O governo federal definiu as regras para acesso a uma nova rodada de crédito destinada à atividade produtiva, com 15 bilhões de reais no âmbito do Plano Brasil Soberano. As condições foram aprovadas pelo Conselho Monetário Nacional, e o BNDES deve iniciar as linhas em até 30 dias.

A medida visa atender empresas impactadas por tarifas e restrições no mercado externo, reforçar a competitividade das exportações brasileiras e reduzir déficits em setores estratégicos da indústria. O foco é manter a produção e a inserção internacional em cenário de maior rigidez do comércio global.

Aloque de recursos ocorrerá em três grupos: exportadores atingidos por tarifas dos EUA, setores de maior intensidade tecnológica e empresas com presença relevante no Oriente Médio. O objetivo é apoiar capital de giro, expansão externa, aquisição de máquinas e inovação.

Nos termos do crédito, as operações diretas com o BNDES têm taxas a partir de 0,94% ao mês para investimentos e 1,28% para capital de giro de grandes empresas. Micro, pequenas e médias empresas terão 1,17% para giro/exportação e 1,05% para bens de capital.

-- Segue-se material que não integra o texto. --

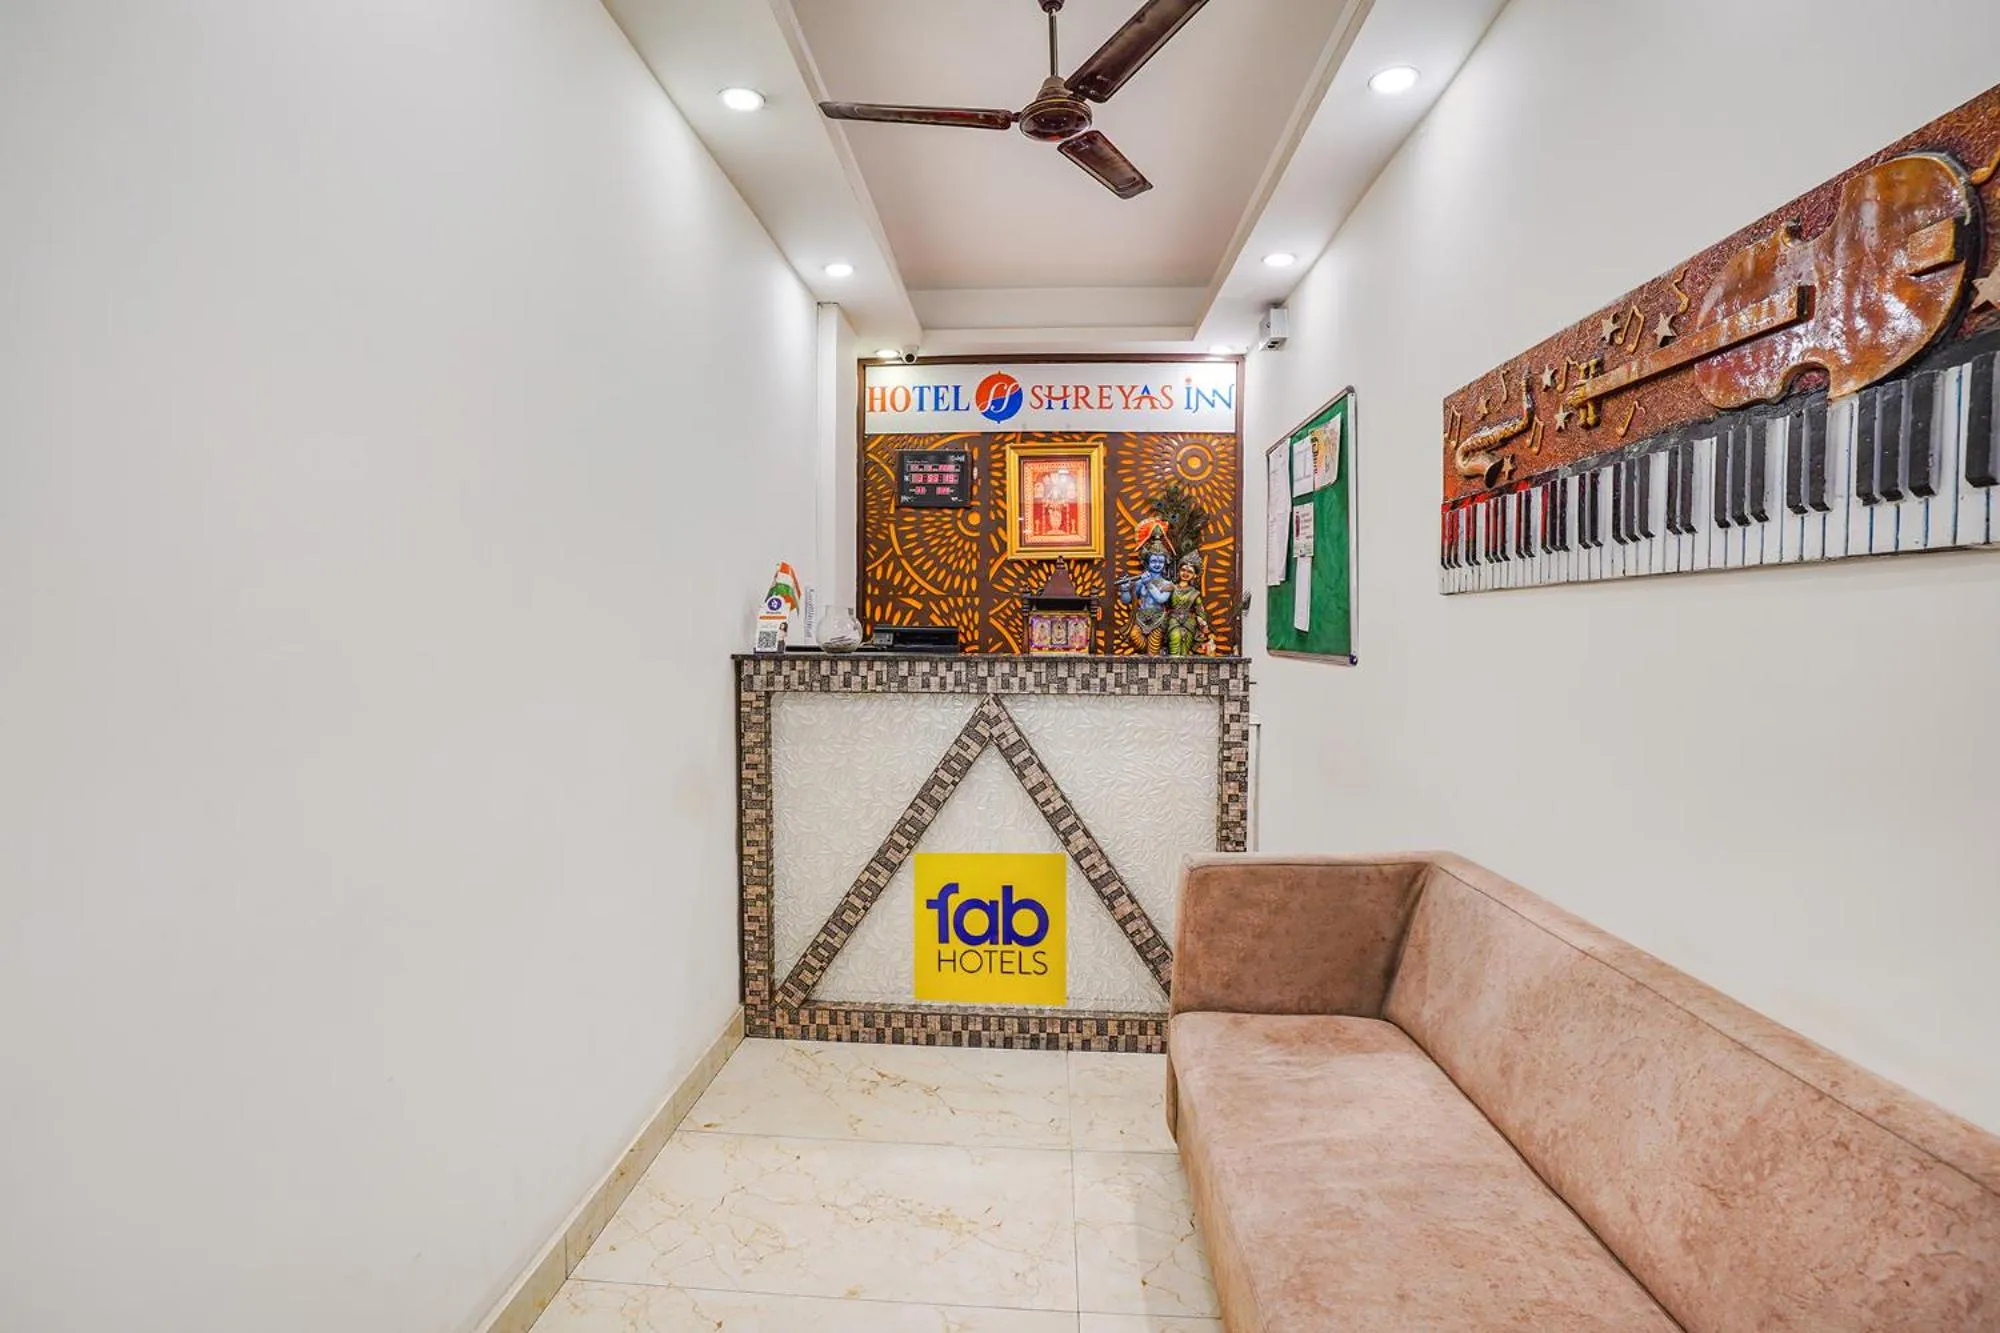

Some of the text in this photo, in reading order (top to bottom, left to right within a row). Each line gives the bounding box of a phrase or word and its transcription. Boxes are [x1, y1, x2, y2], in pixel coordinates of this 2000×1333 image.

[868, 385, 970, 412] HOTEL
[1029, 384, 1174, 411] SHREYAS
[926, 882, 1050, 947] fab
[938, 949, 1049, 976] HOTELS

Nas operações indiretas, via bancos, os encargos variam de 1,06% a 1,41% ao mês, dependendo do tipo de operação. Os prazos vão até 5 anos para giro e aquisição de máquinas, com carência de até 12 meses; projetos de investimento podem chegar a 20 anos, com até 4 anos de carência.

O presidente em exercício, Geraldo Alckmin, ressaltou que o plano apoia empresas afetadas por mudanças no comércio global, incluindo exportação ao Oriente Médio e tarifas dos EUA. A iniciativa busca ainda estimular setores com déficit na balança comercial, como saúde e tecnologia.

O desenho do programa aponta para o uso de crédito direcionado como instrumento para sustentar a atividade industrial e ampliar a inserção brasileira no mercado internacional, em meio a restrições comerciais internacionais.